We cannot imagine Llewyn Davis happy. The self-defeating Sisyphus of the new film written, directed, and edited by Joel and Ethan Coen is the first person the viewer lays eyes on in the movie. Bearded, his unkempt hair falling in his eyes, he picks out some steely, blue notes on a guitar as he sings “Hang Me, Oh Hang Me,” not to be confused with “Dang Me.” “Wouldn’t mind the hangin’, except for layin’ in the grave so long,” he sings, with a good amount of sincerity. The time is 1961, the place is New York City, and the venue where Llewyn—portrayed with haunting conviction by Oscar Isaac, who, like everyone else in the cast, does his own singing and playing—is picking and not grinning is the Gaslight, a soon-to-be-legendary landmark in the “folk revival.”
Llewyn, as talented as he is, does not look to be one of that revival’s future success stories. Why? For one thing, he’s the protagonist of a Coen brothers movie. For another, after he finishes his song, the place’s glib, slick, runty owner Pappi, directs Llewyn outside to see a “friend” who’s been asking for him. Outside Llewyn finds no friend, but instead a suited, fedora-sporting stranger who exchanges a few words with the singer before calmly kicking and punching the daylights out of him.
And then Llewyn wakes up. And there’s just the most adorable orange cat staring him in the face.

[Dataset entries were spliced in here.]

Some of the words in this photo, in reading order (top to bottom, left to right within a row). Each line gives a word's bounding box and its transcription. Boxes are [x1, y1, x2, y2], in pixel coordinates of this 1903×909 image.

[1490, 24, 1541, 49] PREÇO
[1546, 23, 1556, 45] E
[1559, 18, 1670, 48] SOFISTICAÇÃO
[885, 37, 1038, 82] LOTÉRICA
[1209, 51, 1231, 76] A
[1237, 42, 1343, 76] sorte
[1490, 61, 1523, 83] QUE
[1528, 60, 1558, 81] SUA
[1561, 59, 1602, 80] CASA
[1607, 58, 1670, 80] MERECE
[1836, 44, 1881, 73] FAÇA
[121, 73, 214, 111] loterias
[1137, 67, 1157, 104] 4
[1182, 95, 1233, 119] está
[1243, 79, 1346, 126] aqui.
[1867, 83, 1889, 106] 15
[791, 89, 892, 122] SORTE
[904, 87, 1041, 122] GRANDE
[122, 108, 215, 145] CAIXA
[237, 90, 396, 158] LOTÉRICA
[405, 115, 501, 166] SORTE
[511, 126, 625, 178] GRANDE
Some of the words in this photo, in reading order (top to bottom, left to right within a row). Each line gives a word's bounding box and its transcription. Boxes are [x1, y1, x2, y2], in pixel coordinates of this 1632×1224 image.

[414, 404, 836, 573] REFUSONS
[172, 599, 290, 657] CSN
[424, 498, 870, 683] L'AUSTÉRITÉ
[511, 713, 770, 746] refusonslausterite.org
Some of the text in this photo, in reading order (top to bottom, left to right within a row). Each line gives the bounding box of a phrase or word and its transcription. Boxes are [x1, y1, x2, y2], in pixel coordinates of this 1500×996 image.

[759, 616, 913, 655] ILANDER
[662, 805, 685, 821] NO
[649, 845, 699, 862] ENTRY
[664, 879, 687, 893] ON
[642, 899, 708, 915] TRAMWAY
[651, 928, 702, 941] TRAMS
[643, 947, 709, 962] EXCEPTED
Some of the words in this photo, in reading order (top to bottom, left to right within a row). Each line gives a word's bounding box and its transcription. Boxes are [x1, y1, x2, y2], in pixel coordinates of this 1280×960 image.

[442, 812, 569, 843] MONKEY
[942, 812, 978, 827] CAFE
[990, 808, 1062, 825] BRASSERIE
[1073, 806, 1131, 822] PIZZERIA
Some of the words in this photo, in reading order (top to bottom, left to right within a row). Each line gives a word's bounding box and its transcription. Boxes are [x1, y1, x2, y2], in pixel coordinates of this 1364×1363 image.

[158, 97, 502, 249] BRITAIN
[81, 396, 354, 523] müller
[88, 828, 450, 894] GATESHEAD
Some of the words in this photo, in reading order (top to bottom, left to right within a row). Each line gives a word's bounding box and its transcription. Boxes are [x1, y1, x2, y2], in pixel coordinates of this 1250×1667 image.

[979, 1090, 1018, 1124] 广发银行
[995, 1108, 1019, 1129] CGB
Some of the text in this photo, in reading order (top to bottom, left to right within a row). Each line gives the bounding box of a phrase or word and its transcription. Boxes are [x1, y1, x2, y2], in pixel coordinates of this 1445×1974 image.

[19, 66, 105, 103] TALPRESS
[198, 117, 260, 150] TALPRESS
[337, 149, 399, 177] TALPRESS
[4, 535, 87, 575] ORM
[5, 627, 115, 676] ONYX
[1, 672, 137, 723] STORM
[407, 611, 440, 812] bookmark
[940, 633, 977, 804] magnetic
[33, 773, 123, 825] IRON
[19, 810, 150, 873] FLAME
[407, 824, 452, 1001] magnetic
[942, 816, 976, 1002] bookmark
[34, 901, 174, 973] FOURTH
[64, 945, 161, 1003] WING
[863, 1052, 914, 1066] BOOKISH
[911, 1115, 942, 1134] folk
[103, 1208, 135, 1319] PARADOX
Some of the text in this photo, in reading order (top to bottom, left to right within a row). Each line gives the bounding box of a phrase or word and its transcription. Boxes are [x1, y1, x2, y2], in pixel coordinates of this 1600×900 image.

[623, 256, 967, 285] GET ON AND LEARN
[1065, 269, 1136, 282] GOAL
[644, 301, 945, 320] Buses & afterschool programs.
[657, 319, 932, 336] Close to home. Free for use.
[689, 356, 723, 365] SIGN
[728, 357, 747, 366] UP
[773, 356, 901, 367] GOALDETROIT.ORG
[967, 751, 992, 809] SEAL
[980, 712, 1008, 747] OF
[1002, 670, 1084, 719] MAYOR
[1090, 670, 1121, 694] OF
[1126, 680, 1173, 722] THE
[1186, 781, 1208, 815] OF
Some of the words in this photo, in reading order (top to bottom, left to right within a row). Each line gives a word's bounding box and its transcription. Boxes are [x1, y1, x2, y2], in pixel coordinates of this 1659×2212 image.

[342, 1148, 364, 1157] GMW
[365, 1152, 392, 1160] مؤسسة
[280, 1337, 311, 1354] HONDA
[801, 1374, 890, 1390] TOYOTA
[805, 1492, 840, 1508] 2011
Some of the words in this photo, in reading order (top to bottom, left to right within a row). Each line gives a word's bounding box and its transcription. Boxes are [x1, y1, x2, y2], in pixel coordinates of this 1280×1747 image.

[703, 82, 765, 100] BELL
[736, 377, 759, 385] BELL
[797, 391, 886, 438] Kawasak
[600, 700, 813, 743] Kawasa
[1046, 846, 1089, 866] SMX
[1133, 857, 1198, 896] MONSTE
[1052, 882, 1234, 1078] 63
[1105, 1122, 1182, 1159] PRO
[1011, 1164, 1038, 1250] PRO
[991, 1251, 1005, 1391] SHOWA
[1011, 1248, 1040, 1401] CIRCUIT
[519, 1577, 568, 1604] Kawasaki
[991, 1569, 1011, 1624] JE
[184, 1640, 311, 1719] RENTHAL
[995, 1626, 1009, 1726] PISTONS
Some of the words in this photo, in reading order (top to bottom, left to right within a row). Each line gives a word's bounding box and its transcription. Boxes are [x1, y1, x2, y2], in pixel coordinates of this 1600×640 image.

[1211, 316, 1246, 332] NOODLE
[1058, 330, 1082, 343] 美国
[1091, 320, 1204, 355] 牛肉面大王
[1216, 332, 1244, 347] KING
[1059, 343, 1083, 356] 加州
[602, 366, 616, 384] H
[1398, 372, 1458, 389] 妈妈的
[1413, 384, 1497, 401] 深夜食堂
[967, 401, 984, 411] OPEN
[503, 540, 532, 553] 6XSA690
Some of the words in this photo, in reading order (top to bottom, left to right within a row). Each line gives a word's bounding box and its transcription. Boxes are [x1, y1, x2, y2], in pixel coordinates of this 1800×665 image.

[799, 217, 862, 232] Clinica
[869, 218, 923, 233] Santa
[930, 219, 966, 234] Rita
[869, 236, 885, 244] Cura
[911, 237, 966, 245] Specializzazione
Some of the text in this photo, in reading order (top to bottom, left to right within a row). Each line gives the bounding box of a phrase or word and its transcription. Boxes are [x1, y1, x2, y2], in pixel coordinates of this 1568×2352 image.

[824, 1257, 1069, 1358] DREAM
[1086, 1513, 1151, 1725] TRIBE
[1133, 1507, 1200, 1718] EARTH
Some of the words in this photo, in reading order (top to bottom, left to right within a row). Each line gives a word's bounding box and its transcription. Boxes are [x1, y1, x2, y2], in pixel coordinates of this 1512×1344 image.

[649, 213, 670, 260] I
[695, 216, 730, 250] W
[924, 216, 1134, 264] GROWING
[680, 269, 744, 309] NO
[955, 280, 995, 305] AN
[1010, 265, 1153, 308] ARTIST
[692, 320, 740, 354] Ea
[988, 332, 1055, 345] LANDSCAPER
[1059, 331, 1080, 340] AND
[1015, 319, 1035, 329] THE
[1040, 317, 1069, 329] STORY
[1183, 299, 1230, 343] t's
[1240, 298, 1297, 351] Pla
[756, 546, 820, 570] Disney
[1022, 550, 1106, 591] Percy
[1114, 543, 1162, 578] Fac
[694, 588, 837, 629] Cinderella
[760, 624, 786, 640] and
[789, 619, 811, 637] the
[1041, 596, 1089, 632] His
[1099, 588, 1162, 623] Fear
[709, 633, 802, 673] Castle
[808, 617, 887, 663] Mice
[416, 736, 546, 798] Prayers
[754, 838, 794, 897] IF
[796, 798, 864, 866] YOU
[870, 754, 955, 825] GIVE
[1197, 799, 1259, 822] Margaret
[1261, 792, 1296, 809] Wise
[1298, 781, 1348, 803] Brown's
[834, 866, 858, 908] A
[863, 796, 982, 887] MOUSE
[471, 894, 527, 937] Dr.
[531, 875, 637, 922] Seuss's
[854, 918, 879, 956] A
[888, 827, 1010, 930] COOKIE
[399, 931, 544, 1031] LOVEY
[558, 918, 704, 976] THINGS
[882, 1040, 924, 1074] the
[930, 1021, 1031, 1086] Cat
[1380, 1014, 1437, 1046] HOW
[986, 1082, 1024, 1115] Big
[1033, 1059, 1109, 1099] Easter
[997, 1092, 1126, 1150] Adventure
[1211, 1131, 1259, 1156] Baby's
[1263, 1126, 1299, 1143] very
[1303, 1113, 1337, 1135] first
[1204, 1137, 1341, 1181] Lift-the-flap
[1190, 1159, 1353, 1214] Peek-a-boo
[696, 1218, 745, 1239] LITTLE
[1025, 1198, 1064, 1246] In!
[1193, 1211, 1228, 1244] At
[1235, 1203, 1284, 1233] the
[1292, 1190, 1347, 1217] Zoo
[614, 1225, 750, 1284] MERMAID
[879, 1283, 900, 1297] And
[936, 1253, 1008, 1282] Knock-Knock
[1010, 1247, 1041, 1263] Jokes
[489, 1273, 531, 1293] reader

“Inside Llewyn Davis” is the most satisfyingly diabolical cinematic structure that the Coens have ever contrived, and that’s just one reason that I suspect it may be their best movie yet. How Llewyn inadvertently inherits, loses, then re-finds, and kind of adopts, the aforementioned cat is one of the more involved traps of the movie’s plot, which may make the wary viewer, or the all-around anti-Coenite, suspect that this is some kind of exercise in auteurial sadism, a charge the brothers themselves laid themselves open to when they admitted that in concocting 2009’s great “A Serious Man” they thoroughly enjoyed torturing their lead character.
This movie—which can reasonably be described as feeling like a ’70s Wim Wenders picture scripted by Billy Wilder and/or Preston Sturges from a story by Terry Southern—is different. Yes, Llewyn is an incorrigible screw-up, having, among other things, impregnated a friend who also happens to be the wife of another friend, two halves of the very palatable-to-the-mainstream female/male singing duo Jean and Jim (Carey Mulligan and Justin Timberlake). He’s kind of hard to like, given his surly defensiveness.
But this movie doesn’t give the impression that he’s someone his creators like to push around. Indeed, there’s a sense of not-quite-grudging empathy going on here. There’s a scene early on in which Llewyn’s at the Gaslight watching a new act, a not-bad but pretty vanilla folkie named Troy Nelson (Stark Sands). Besides being an army guy, he’s also taking up couch space at Llewyn’s second-favorite crash pad. After his own song, Troy invites Jean and Jim up to sing with him, and they do a nice version of “Five Hundred Miles.” Llewyn does his level best to enjoy them, but soon the audience starts singing along, and Llewyn furrows his brow a little and looks behind him with wordless incredulity. The place he thought he understood, the place he thought he was part of, is becoming alien to him. And he doesn’t understand why.
Well, he understands why a little bit. Like all of his associates in the movie, Llewyn is mourning a loss, a loss that has made him a solo act, a solo act with a box of unsold records and no winter coat as the days grow darker and shorter The chip on his shoulder is part of his new defense (who knows, maybe it’s not new; the movie is cannily selective about revealing its back story), but he still thinks he’s got something to prove. After defiantly telling his sister that, no, he won’t be going back to the Merchant Marine for a stint at sea, he impulsively joins—with cat in tow—a dyspeptic, shambling jazz musician and his doggerel-mumbling beatnik “valet” (John Goodman and Garrett Hedlund, respectively) on an ill-fated road trip to Chicago. It’s a pilgrimage of sorts, to present himself to a reigning folk impresario played by F. Murray Abraham. Dryly noting the title of Llewyn’s solo record, this man requests, “Play me something from ‘Inside Llewyn Davis.'” And so Llewyn does. In both senses of the term.
It’s a devastating scene in a movie full of devastating scenes. And full of quick, devastating observations. There’s a whole movie in one shot of Llewyn’s left foot, which he just inadvertently plunged into an ice puddle, slipping out of its loafer as he sits at a diner counter and tries in vain to squeeze the freezing cold out of his soaked sock. The beautiful, cloud-gray and autumn-leaf ocher cinematography by Bruno Delbonnel doesn’t just cast a mood, it conjures a mode of existence. Moving, funny (but not frivolous; the characters never turn into cartoons), brilliant, it’s a rib-sticking movie that represents a new high for its creators.